While The Pegasus Project exposes clear cases of misuse of NSO Group’s software, the company is just one player in a global, multi-billion-dollar spyware industry.

“In order to bypass [encrypted messaging] you just need to get to the device at one or the other end of that communication,” said Claudio Guarnieri, head of Amnesty International’s Security Lab. Pegasus does just that. “Pegasus can do more [with the device] than the owner can. If Signal, for example, encrypts the message… [an attacker] can just record using the microphone, or take screenshots of the phone so you can read [the conversation]. There is virtually nothing from an encryption standpoint to protect against this.”

In fact, there isn’t much anyone can do to protect themselves from a Pegasus attack. Guarnieri is skeptical of applications that claim they are completely secure, and instead recommends mitigating the risks of spyware by practicing good cybersecurity hygiene. “Make sure to compartmentalize things and divide your information in such a way that even if an attack is successful, the damage can be minimized.”
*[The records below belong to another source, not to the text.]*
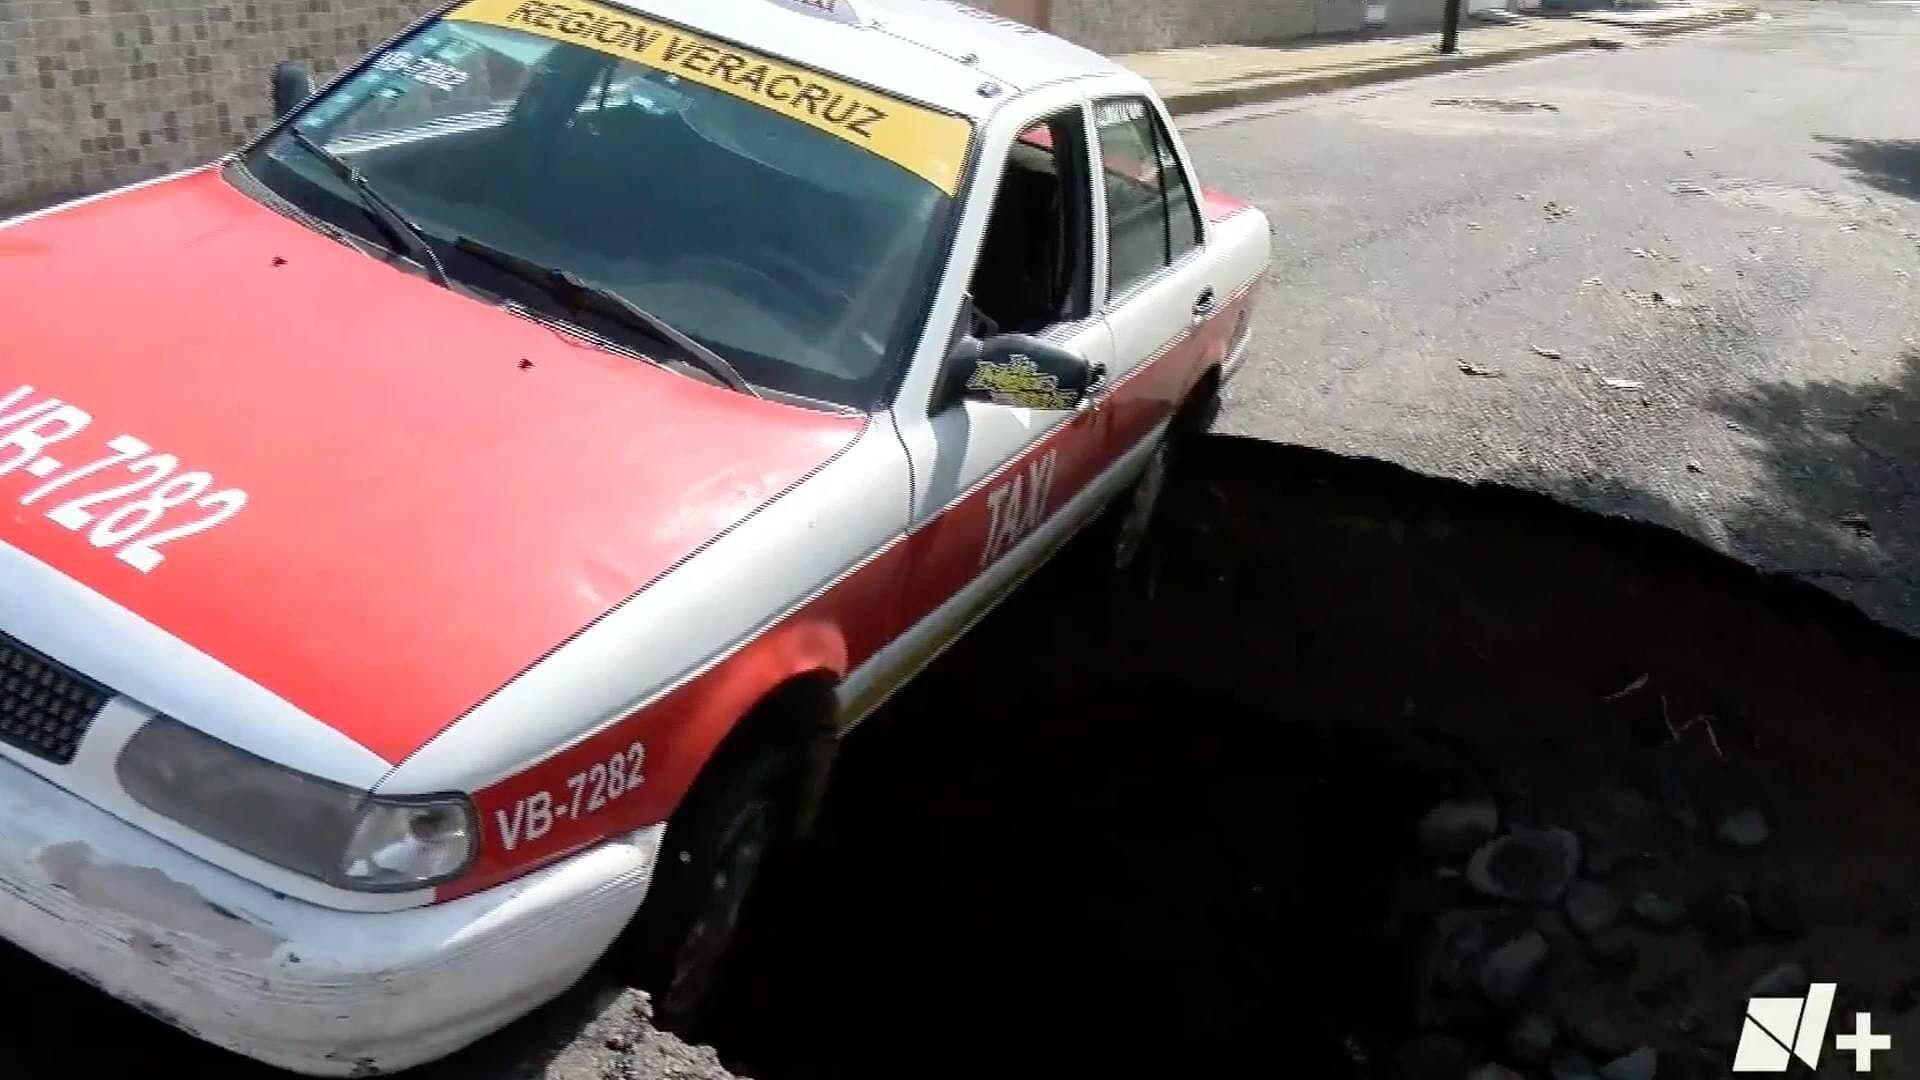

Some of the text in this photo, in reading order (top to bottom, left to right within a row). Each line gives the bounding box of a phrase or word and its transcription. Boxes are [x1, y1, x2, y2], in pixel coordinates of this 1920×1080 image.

[506, 0, 889, 138] REGION VERACRUZ
[979, 448, 1057, 568] TAXI
[495, 740, 646, 851] VB-7282
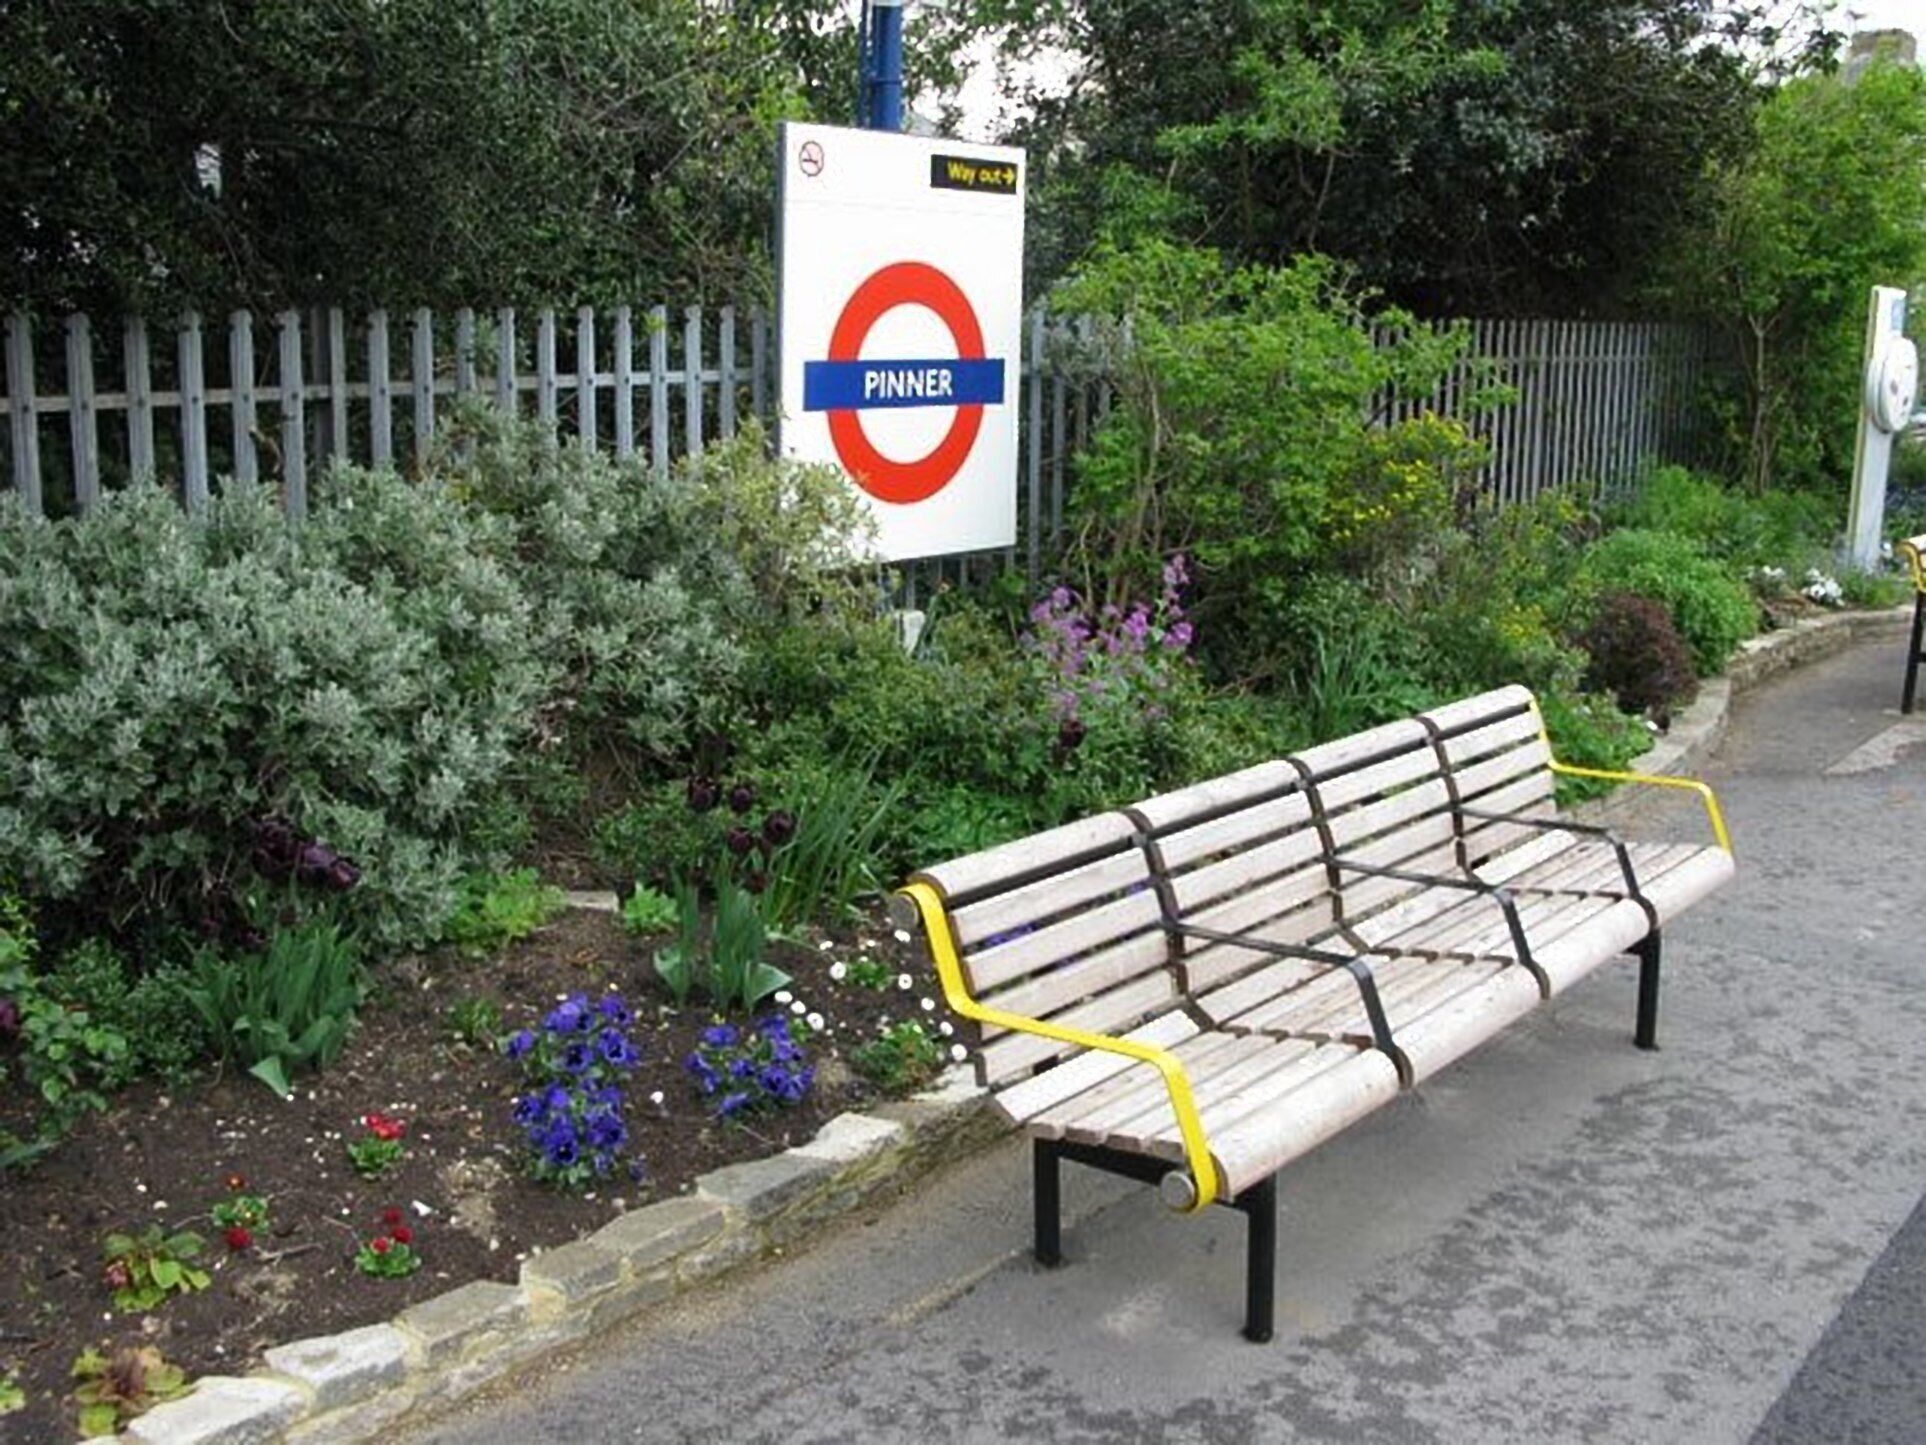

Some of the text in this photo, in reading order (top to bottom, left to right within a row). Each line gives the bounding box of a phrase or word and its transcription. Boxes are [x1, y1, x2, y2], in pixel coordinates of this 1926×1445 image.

[947, 161, 1002, 186] Way out
[864, 368, 953, 400] PINNER
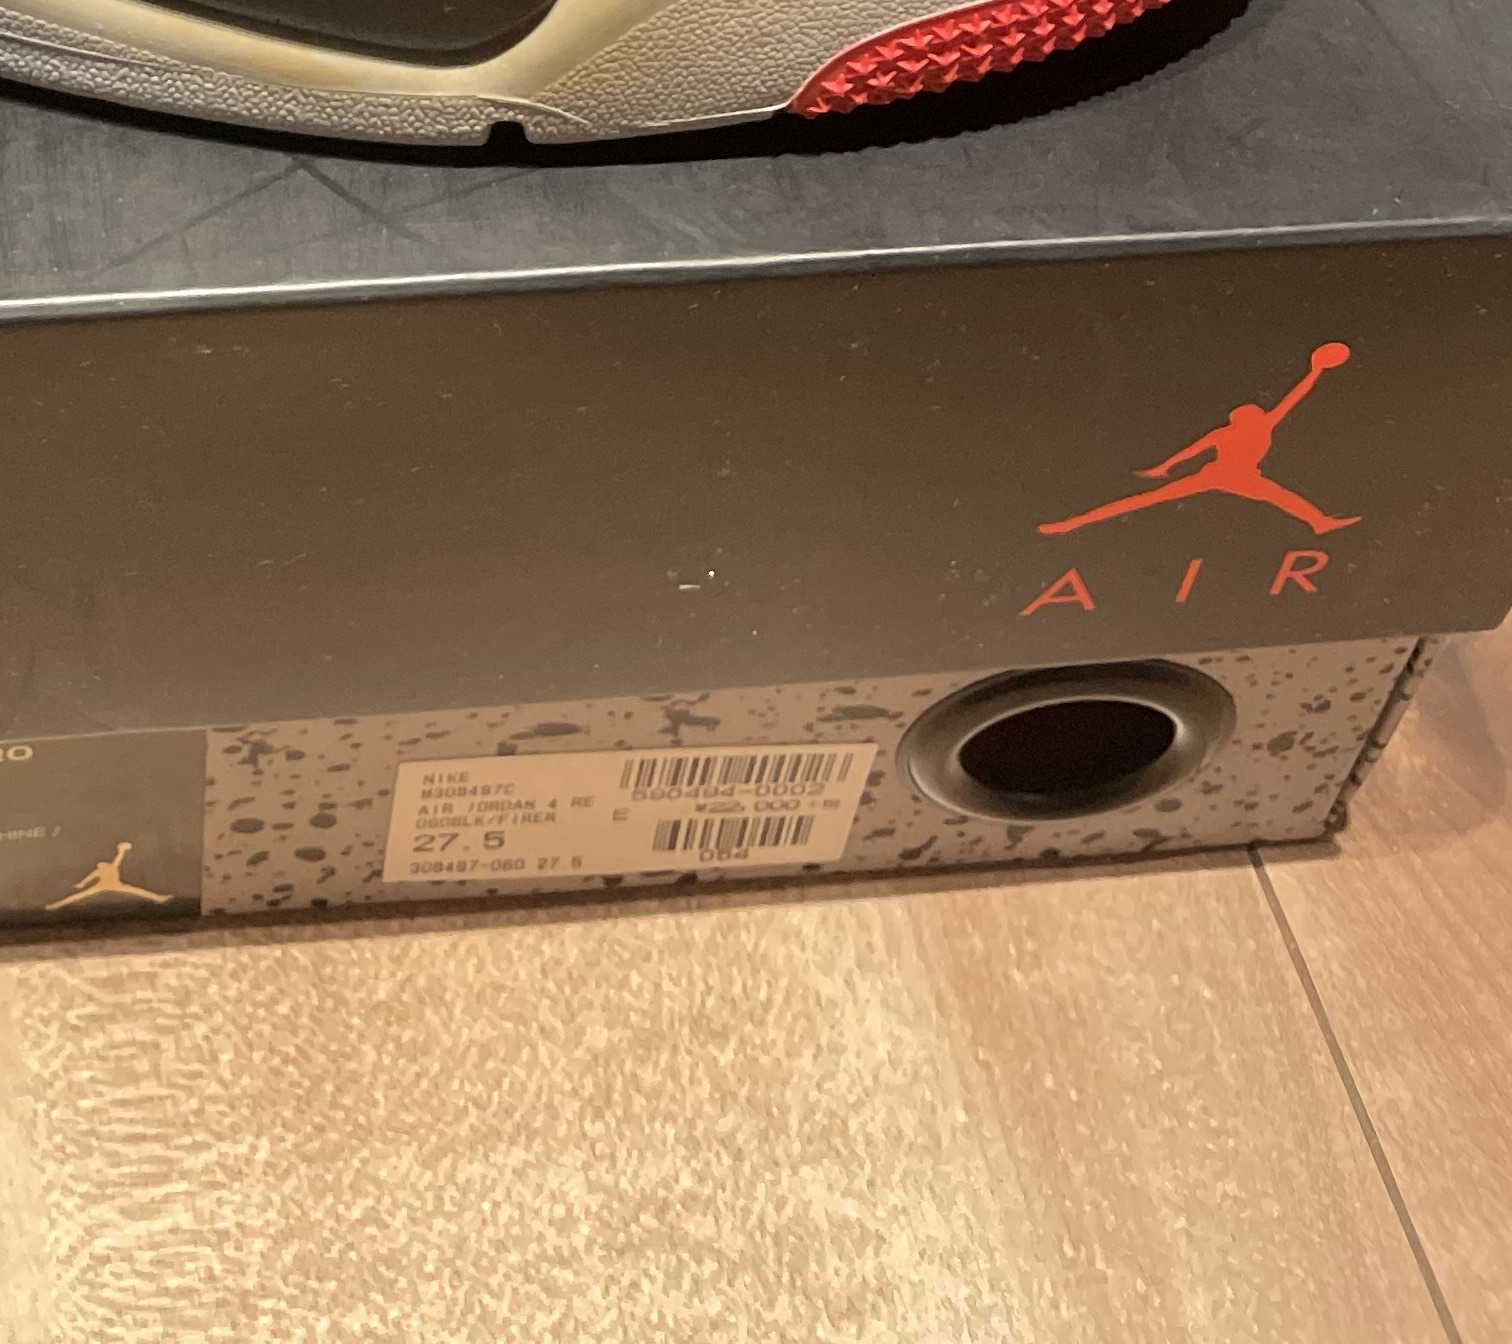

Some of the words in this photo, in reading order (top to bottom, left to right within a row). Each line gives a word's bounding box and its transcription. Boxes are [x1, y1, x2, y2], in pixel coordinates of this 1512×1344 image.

[1019, 548, 1330, 617] AIR
[422, 770, 471, 787] NIKE
[417, 801, 454, 816] AIR
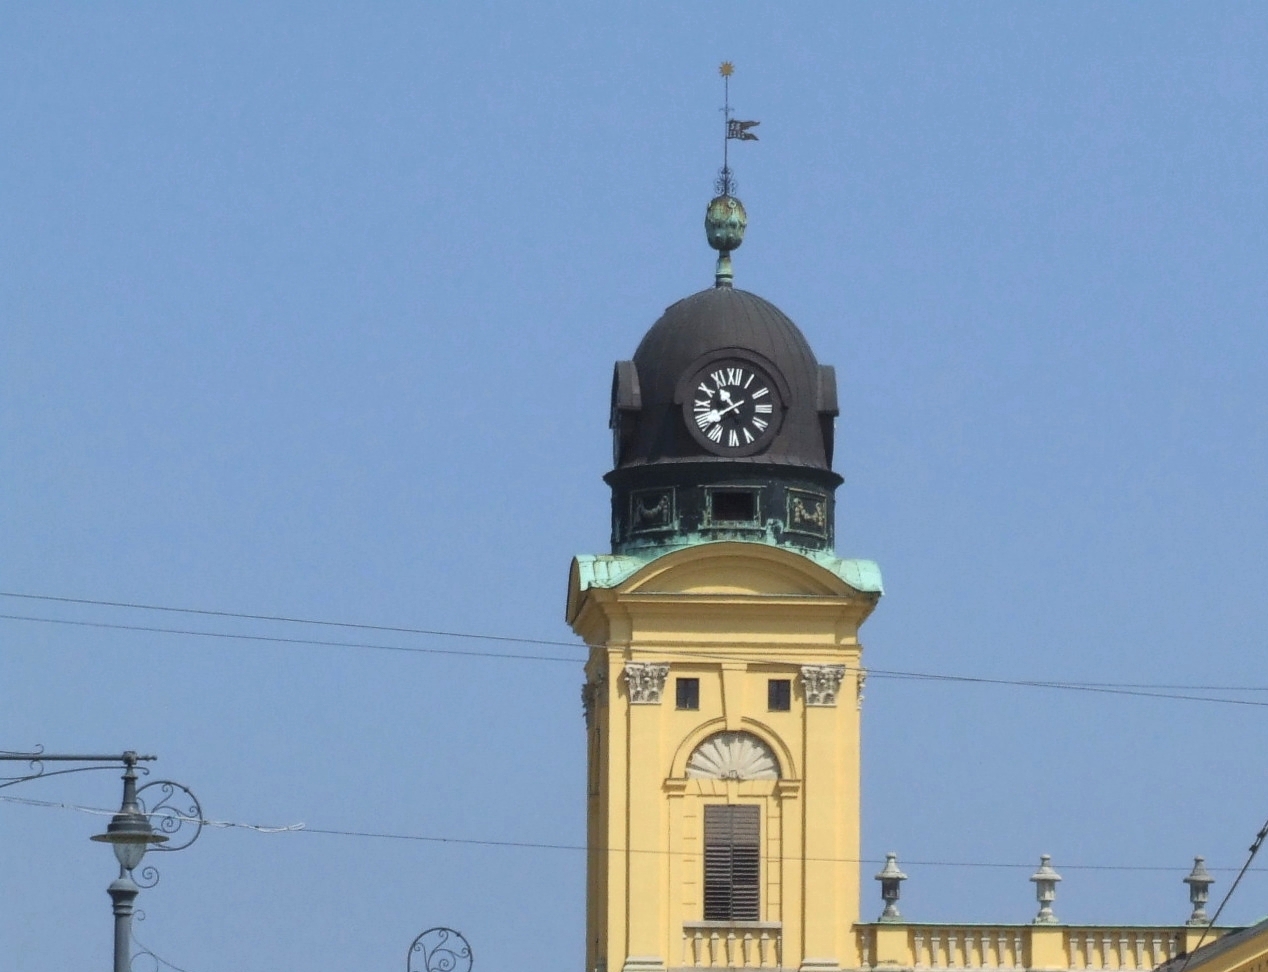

At its heart, The Pegasus Project reveals a disturbing truth: In a world where smartphones are ubiquitous, governments have a simple, commercial solution that allows them to spy on virtually whoever they want, wherever they want.

“I think it’s very clear: Autocrats fear the truth and autocrats fear criticism,” said Scott-Railton of Citizen Lab.

“They see journalists as a threat, and Pegasus is a natural tool for them to target their threats.”